§ **THE PROBLEM**: Can you copy out the data exactly? Leave the images out.

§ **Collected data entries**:
·····

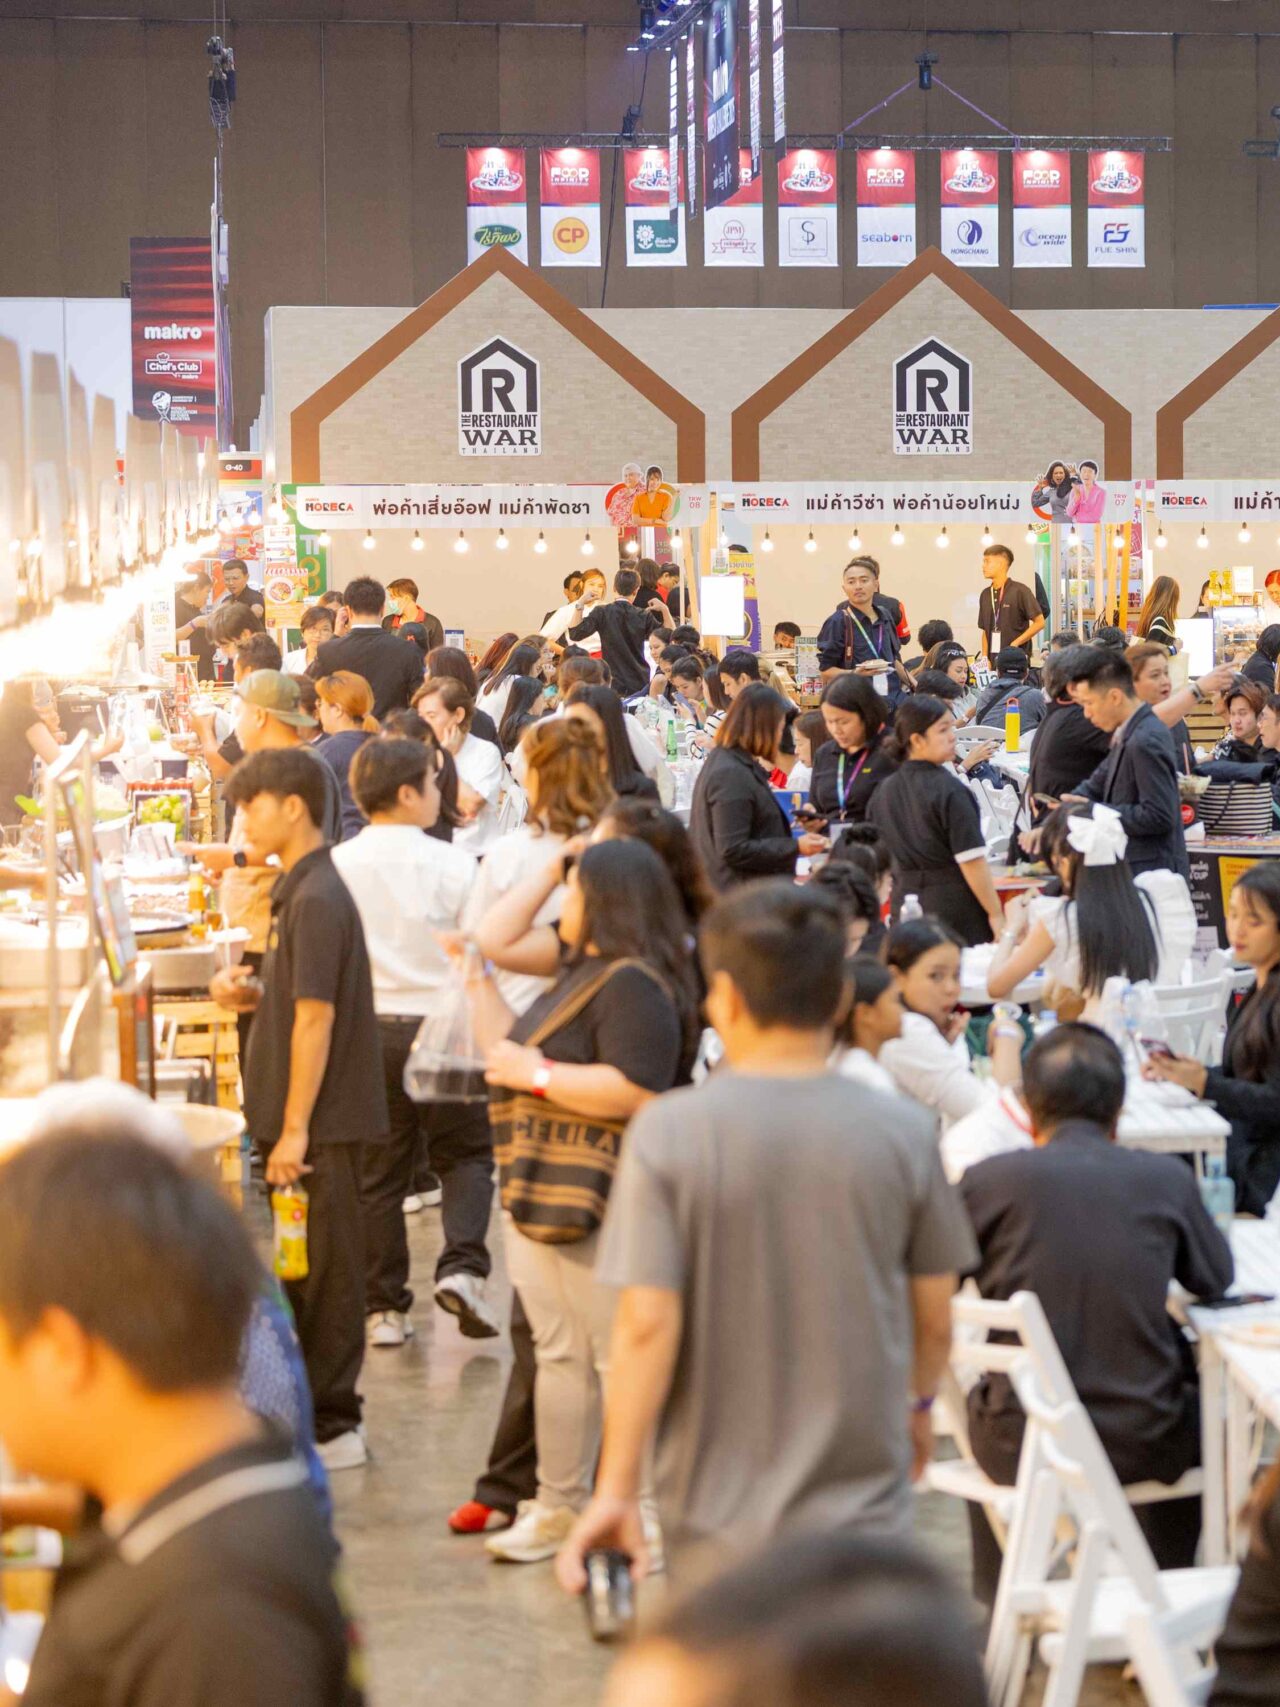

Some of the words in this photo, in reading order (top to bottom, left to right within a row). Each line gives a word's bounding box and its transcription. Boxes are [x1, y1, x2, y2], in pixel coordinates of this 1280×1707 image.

[550, 167, 590, 178] FOOD
[867, 168, 905, 178] FOOD
[1023, 169, 1061, 179] FOOD
[557, 228, 585, 243] CP
[861, 232, 913, 243] seaborn
[144, 323, 202, 340] makro
[149, 362, 177, 371] Chef's
[177, 362, 199, 371] Club
[482, 369, 516, 412] R
[916, 369, 949, 412] R
[461, 414, 471, 427] THE
[472, 414, 537, 427] RESTAURANT
[896, 413, 905, 427] THE
[906, 413, 969, 427] RESTAURANT
[462, 429, 538, 446] WAR
[896, 429, 969, 444] WAR
[305, 502, 354, 512] HORECA
[500, 498, 590, 515] แม่ค้าพัดชา
[742, 497, 789, 507] HORECA
[806, 493, 884, 510] แม่ค้าวีซ่า
[893, 493, 1020, 510] พ่อค้าน้อยโหน่ง
[1162, 496, 1207, 505] HORECA
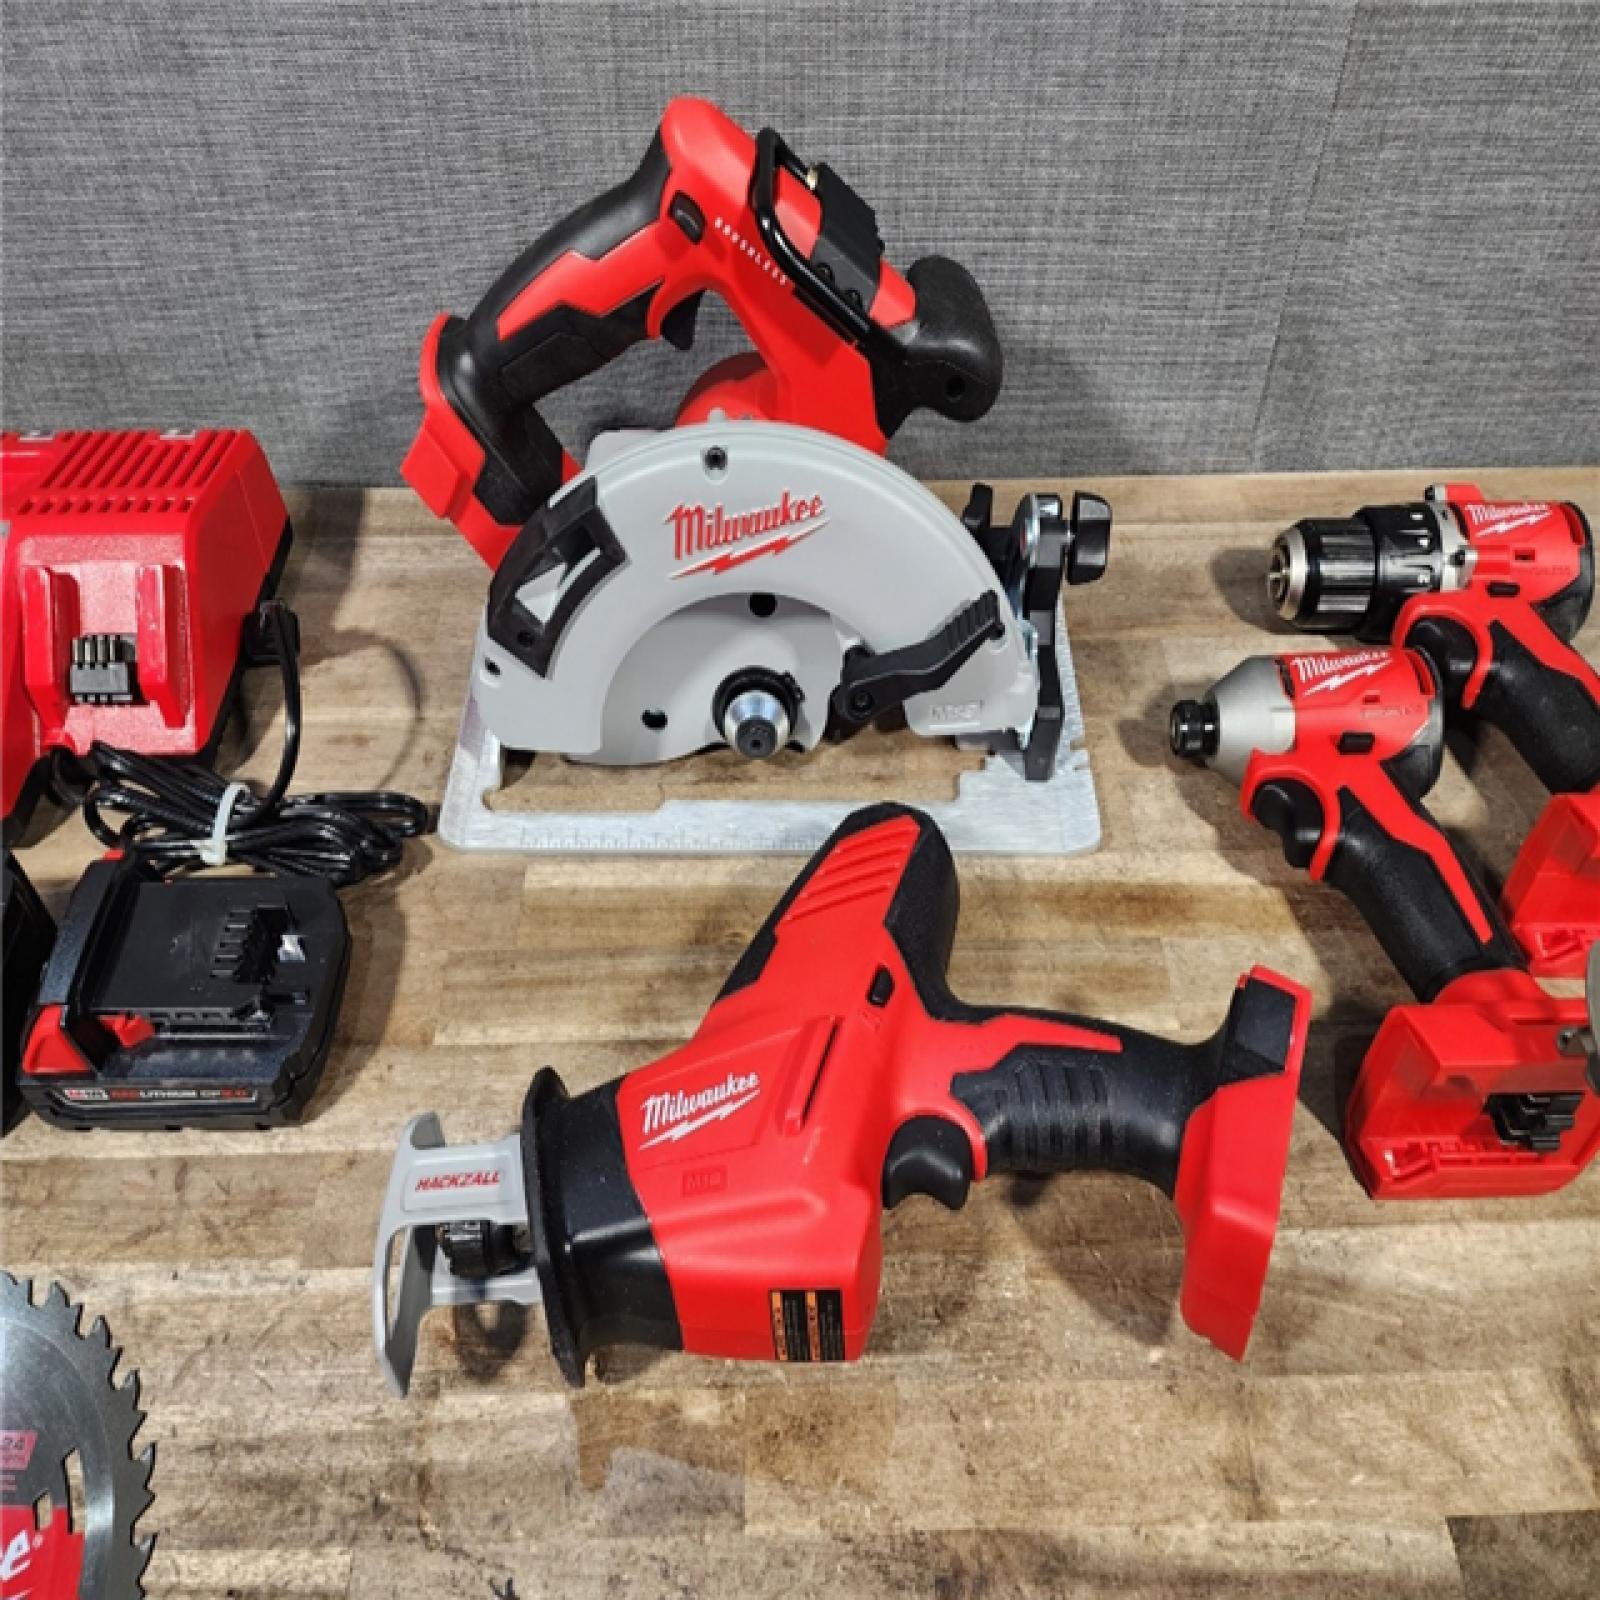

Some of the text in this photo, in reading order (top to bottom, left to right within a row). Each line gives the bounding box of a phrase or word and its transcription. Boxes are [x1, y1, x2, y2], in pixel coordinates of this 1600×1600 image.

[663, 487, 823, 560] Milwaukee
[1465, 503, 1548, 525] Milwaukee
[1290, 651, 1388, 682] Milwaukee
[640, 1072, 759, 1135] Milwaukee
[415, 1170, 500, 1192] HACKZALL

·····

§ **REPLY**:
Some of the words in this photo, in reading order (top to bottom, left to right within a row). Each line gives a word's bounding box and its transcription. Boxes are [x1, y1, x2, y2], in pixel coordinates of this 1280×1707 image.

[550, 167, 590, 178] FOOD
[867, 168, 905, 178] FOOD
[1023, 169, 1061, 179] FOOD
[557, 228, 585, 243] CP
[861, 232, 913, 243] seaborn
[144, 323, 202, 340] makro
[149, 362, 177, 371] Chef's
[177, 362, 199, 371] Club
[482, 369, 516, 412] R
[916, 369, 949, 412] R
[461, 414, 471, 427] THE
[472, 414, 537, 427] RESTAURANT
[896, 413, 905, 427] THE
[906, 413, 969, 427] RESTAURANT
[462, 429, 538, 446] WAR
[896, 429, 969, 444] WAR
[305, 502, 354, 512] HORECA
[500, 498, 590, 515] แม่ค้าพัดชา
[742, 497, 789, 507] HORECA
[806, 493, 884, 510] แม่ค้าวีซ่า
[893, 493, 1020, 510] พ่อค้าน้อยโหน่ง
[1162, 496, 1207, 505] HORECA

Some of the text in this photo, in reading order (top to bottom, left to right within a row). Each line gives the bounding box of a phrase or word and its transcription. Boxes are [x1, y1, x2, y2], in pixel coordinates of this 1600×1600 image.

[663, 487, 823, 560] Milwaukee
[1465, 503, 1548, 525] Milwaukee
[1290, 651, 1388, 682] Milwaukee
[640, 1072, 759, 1135] Milwaukee
[415, 1170, 500, 1192] HACKZALL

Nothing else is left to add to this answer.